I was applying the waterproofing to a new shower tonight and had an “oh shoot” moment. I’m wondering if this shower valve is set to the correct depth? The blocking it’s fastened to is flush with the face of the stud. The cement board is 1/2″ thick. I know the valve is a kohler, but I’m not sure which one.
Replies
waterproofing?
it depends on the thickness of the tile you are using. The outer ring of the valves plaster guard looks like it has a depth of about 3/4"; the finished wall can usually end up flush with the front or back of that ring, or anywhere in between. Check the valves install instructions, they should give you the min & max finished wall surface in relationship to the valves protusion. What type of tile backer board is that, and will that water proofing bridge the joints without cracking?
In the photo the back edge of the ring looks to be roughly flush with the face of the sheathing. I'll check tonight and see if it's actually like that or not. The tile will be a thin ceramic, maybe 3/8" thick installed?
I used 1/2" Hardiboard for the tile backer. The Mapei waterproofer/crack isolation material is not able to bridge the joints. For each joint, I used fiberglass tape and then troweled on thinset over the joint. In the photo, there is a joint immediatly below the shower valve. I really liked the waterproofer.

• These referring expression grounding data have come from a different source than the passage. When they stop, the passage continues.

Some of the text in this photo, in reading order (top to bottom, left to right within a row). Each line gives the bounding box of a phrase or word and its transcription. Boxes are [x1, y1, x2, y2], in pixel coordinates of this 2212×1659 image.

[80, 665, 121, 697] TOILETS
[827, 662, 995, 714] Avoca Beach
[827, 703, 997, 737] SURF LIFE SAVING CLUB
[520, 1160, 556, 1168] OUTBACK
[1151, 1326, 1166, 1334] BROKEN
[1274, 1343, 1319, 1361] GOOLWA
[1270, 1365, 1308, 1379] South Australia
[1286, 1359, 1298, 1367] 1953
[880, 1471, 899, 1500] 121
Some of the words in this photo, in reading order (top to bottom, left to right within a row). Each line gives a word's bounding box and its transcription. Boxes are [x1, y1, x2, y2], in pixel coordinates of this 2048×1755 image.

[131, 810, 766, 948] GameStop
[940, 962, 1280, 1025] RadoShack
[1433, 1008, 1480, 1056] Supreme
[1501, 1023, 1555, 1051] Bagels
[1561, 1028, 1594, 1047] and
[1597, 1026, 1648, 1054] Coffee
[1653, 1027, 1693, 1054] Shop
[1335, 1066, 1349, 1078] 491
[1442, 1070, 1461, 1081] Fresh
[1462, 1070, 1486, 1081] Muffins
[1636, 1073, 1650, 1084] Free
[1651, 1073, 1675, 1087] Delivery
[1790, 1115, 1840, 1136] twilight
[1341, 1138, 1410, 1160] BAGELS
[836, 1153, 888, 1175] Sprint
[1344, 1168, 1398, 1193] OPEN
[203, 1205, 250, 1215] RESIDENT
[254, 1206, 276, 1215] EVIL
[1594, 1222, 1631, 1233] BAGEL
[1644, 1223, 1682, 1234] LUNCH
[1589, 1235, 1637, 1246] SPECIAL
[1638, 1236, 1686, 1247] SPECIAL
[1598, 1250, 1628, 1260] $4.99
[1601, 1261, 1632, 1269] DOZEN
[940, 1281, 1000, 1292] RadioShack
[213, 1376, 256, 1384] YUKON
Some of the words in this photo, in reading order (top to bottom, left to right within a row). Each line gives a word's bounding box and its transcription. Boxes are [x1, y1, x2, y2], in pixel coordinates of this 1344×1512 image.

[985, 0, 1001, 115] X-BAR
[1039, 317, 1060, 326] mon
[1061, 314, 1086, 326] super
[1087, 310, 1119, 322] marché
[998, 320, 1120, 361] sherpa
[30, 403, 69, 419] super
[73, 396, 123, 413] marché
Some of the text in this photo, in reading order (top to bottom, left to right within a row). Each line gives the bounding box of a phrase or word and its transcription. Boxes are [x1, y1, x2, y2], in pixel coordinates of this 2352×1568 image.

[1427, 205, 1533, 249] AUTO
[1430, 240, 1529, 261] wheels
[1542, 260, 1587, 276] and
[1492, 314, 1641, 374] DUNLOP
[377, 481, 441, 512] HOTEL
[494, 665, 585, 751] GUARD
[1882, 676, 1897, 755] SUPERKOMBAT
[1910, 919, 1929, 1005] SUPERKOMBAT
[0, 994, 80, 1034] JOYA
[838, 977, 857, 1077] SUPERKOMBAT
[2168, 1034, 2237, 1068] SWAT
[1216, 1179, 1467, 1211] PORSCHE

It rolled on very easily and quickly, had enough for two coats. So long as no serious cracks appear, this shower will be 100% water proof.
As user.... says, you have a range that allows the finish surface to be anywhere between the front and back edges of the plastic spacer. Check your installation instructions to verify.
I went to Kohler's website and grabbed a cut sheet for a shower valve. Might not be the exact right model, but their pressure balancing valves all mount the same. Looks like the valve was installed in the wrong plane and should have been set back further. I guess I see two options: We either cut the wall open and reset the valve or we laminate the wall so it's thicker. The second option would be easier, but I'm going to guess that it won't work with the fiberglass shower pan.
Install the trim kit for the valve temporarily and see how much clearance you really need. Sometimes you have a lot of latitude.
Yep, I'll be doing that tonight for sure.
A coworker also suggested that if the trim ring doesn't fit, maybe I do a "accent" around the valve. The accent area would allow me to pad out the backerboard with a thicker piece of stone. I really like that idea because I wouldn't have to rip apart what's already been done.
Well, the trim ring just barely fit. When I get the tile on, it'll definetly fit. Whew. Dodge the bullet on that one!
Sometimes it's actually best to RTFM before you actually install the thing.